Cancer Medicine (Jul 2024)
Linguistic isolation correlates with length of stay and mortality for pediatric oncology patients in California
Abstract
Abstract Objective To evaluate social drivers of health and how they impact pediatric oncology patients' clinical outcomes during pediatric intensive care unit (PICU) admission via correlation with patient ZIP codes. Methods Demographic, clinical, and outcome variables from Virtual Pediatric Systems®, LLC for oncology patients (2009–2021) in California PICUs (excluding postoperative) using 3‐digit ZIP Codes with social drivers of health variables linguistic isolation, poverty, race/ethnicity, and education abstracted from American Community Survey data for 3‐digit ZIP Codes using the Environmental Protection Agency's EJScreen tool. Outcomes of length of stay (LOS), mortality, acuity scores, were compared with social variables. Results Positive correlation between mortality and minority racial groups (Hispanic/Latino) across ZIP Codes (correlation coefficients of 0.45 (95% CI: 0.22–0.64, p < 0.001) in 2017, 0.50 (95% CI: 0.27–0.68, p < 0.001) in 2018, 0.33 (95% CI: 0.07–0.54, p = 0.013) in 2020, and 0.32 (95% CI: 0.06–0.53, p = 0.018) in 2021). Median PICU length of stay significantly correlated with linguistic isolation (coefficient of 0.42 (95% CI: 0.18–0.61, p = 0.001) in 2021 versus −0.41 (95% CI: −0.61 to −0.16, p = 0.002) in 2019), which included PRISMIII (n = 7417).
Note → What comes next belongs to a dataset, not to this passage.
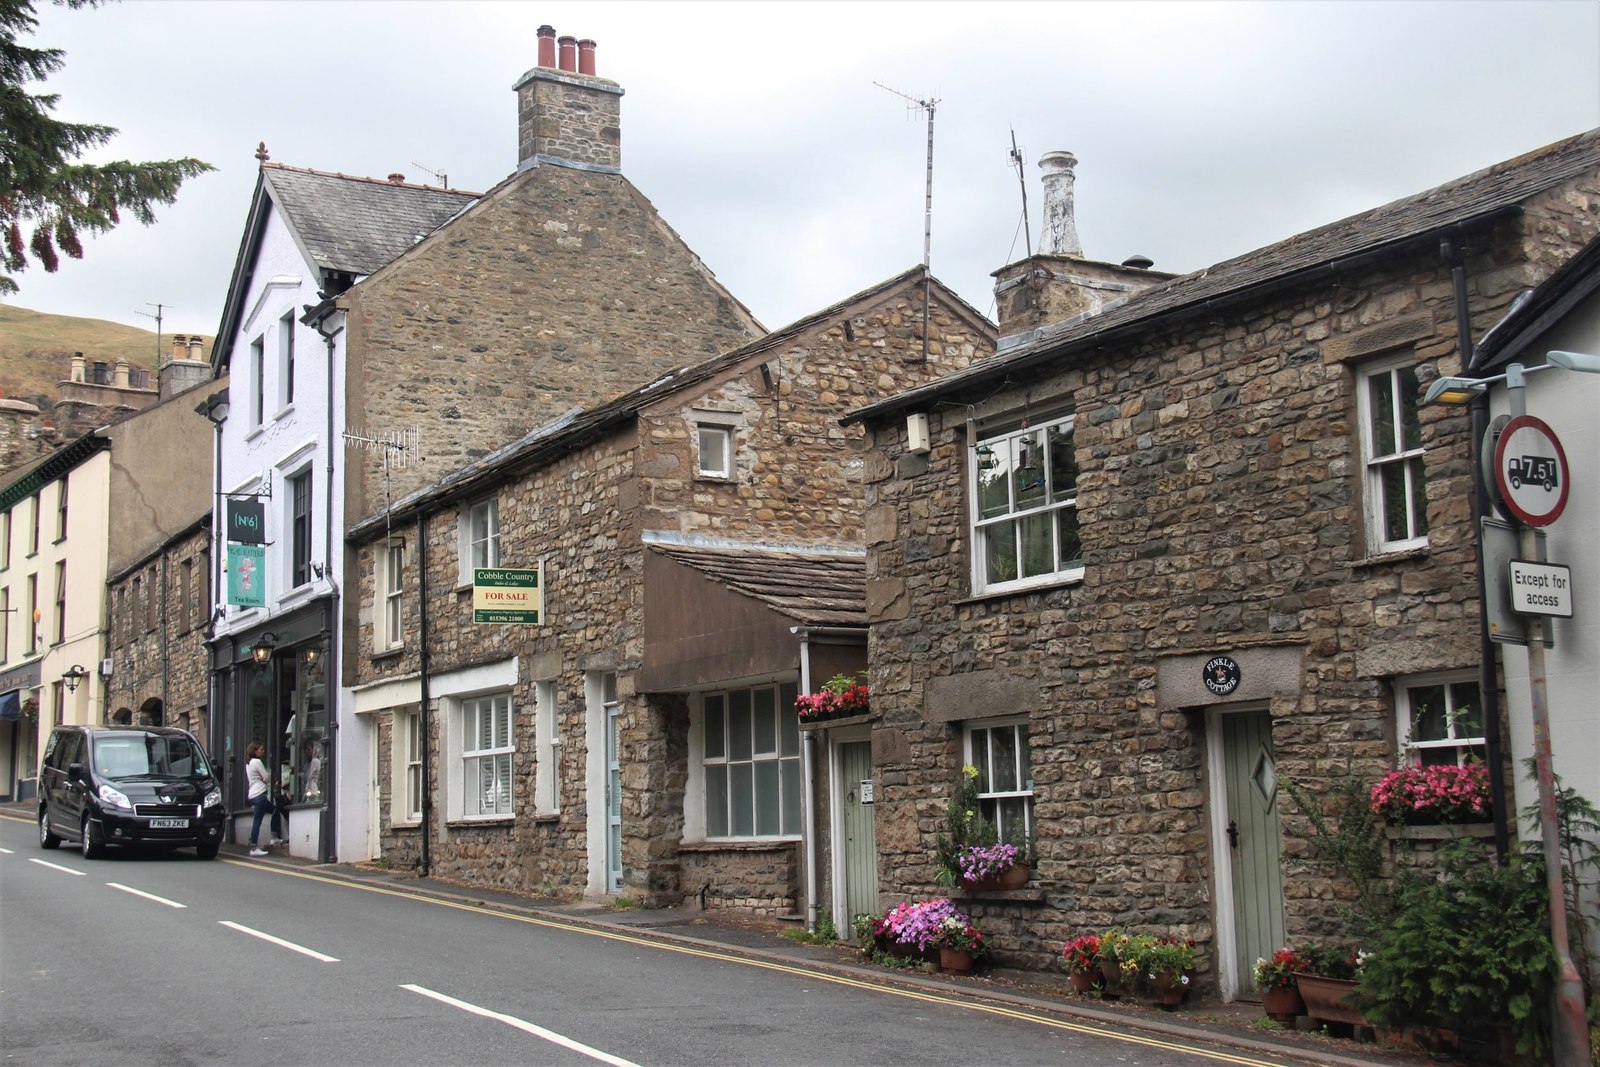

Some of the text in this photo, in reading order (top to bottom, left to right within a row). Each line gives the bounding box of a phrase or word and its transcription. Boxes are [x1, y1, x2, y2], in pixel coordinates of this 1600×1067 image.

Mixed effects logistic regression model for other constant variables (PRISMIII, cancer type, race/ethnicity, year), random effect of patient, linguistic isolation (percentage as a continuous value) was significantly associated (95% CI: 1.01–1.06; p = 0.02) with mortality; (OR = 1.03). Conclusions Linguistic isolation was correlated with LOS and mortality, however variable year to year.